## EXERCISE INSTRUCTIONS
Check every line of the records below for the string "ANIL" and copy the ones that have it.

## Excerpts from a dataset
┄┄┄┄┄┄┄┄┄┄┄┄┄┄┄┄┄┄┄┄

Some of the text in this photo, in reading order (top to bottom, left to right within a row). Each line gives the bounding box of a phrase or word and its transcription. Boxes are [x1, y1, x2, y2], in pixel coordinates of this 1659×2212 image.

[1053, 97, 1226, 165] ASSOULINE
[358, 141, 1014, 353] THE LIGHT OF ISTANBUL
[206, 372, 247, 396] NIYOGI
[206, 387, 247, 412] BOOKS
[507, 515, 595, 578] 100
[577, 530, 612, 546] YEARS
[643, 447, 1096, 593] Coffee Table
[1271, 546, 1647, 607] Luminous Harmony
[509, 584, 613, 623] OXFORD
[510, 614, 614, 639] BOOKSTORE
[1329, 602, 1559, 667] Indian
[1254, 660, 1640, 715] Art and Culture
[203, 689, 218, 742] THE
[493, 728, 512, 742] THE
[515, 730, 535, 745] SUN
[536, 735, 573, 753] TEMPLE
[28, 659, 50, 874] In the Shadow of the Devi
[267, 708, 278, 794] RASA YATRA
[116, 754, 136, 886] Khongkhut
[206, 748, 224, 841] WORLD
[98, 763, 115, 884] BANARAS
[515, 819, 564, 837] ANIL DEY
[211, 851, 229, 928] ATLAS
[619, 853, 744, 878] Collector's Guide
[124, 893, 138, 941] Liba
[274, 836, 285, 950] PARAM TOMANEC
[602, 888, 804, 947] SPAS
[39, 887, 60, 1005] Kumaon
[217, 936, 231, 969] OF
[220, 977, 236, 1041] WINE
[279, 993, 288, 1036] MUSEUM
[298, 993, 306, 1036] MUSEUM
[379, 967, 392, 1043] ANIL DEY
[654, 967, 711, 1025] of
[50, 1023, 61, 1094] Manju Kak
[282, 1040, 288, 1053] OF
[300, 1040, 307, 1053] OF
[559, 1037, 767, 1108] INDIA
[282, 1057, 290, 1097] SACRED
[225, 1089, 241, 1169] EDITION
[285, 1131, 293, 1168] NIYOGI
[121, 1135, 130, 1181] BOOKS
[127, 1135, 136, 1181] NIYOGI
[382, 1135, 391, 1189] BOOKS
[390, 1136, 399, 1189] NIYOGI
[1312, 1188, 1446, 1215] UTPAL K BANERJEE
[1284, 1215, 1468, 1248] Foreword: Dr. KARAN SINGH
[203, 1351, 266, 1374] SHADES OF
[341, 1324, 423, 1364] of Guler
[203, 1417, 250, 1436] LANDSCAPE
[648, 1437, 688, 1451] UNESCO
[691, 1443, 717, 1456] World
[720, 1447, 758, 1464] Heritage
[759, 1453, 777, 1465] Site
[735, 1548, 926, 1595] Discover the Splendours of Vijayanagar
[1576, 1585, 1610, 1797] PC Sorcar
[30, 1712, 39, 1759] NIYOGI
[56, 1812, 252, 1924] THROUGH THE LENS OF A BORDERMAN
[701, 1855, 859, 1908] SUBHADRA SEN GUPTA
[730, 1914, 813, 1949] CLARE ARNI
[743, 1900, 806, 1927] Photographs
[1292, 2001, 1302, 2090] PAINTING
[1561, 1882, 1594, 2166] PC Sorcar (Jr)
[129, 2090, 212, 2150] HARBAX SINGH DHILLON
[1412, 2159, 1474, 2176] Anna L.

┄┄┄┄┄┄┄┄┄┄┄┄┄┄┄┄┄┄┄┄

## RESULT OF THIS EXERCISE
[515, 819, 564, 837] ANIL DEY
[379, 967, 392, 1043] ANIL DEY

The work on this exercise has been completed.